DATA TO USE

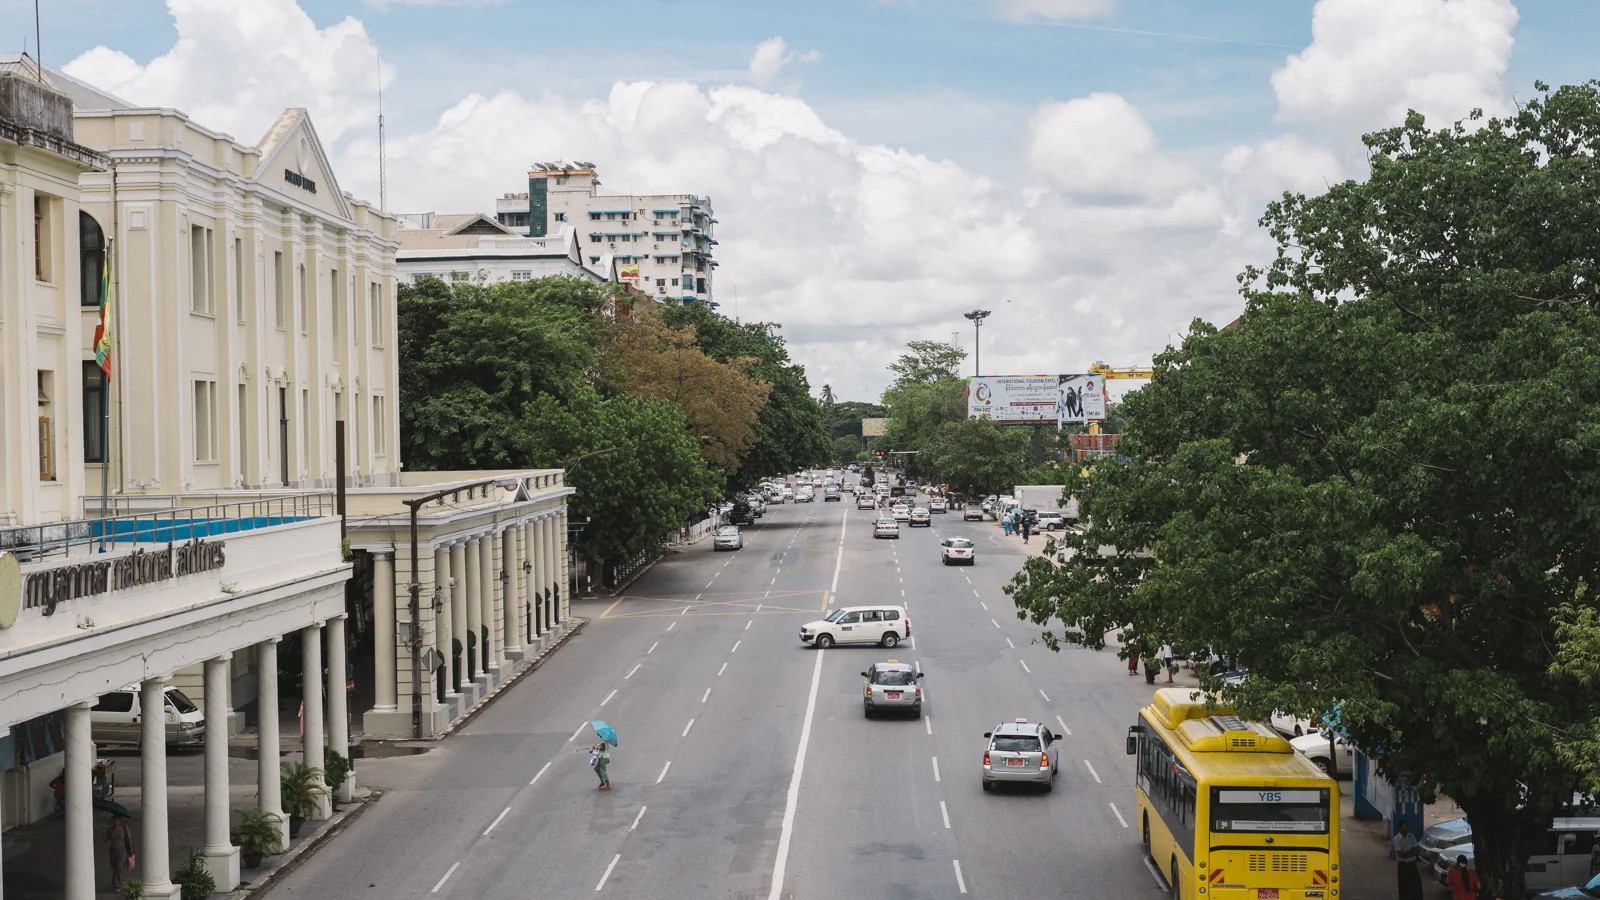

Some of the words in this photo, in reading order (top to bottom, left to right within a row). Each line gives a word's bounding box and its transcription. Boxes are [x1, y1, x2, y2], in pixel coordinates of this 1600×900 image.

[23, 559, 111, 617] myanmar
[111, 542, 174, 592] national
[175, 537, 226, 578] airlines
[1258, 792, 1282, 802] YBS

YOUR INSTRUCTIONS
Write out the whole listing above exactly; do not include the pictures.

TASK OUTPUT
Some of the words in this photo, in reading order (top to bottom, left to right within a row). Each line gives a word's bounding box and its transcription. Boxes are [x1, y1, x2, y2], in pixel coordinates of this 1600×900 image.

[23, 559, 111, 617] myanmar
[111, 542, 174, 592] national
[175, 537, 226, 578] airlines
[1258, 792, 1282, 802] YBS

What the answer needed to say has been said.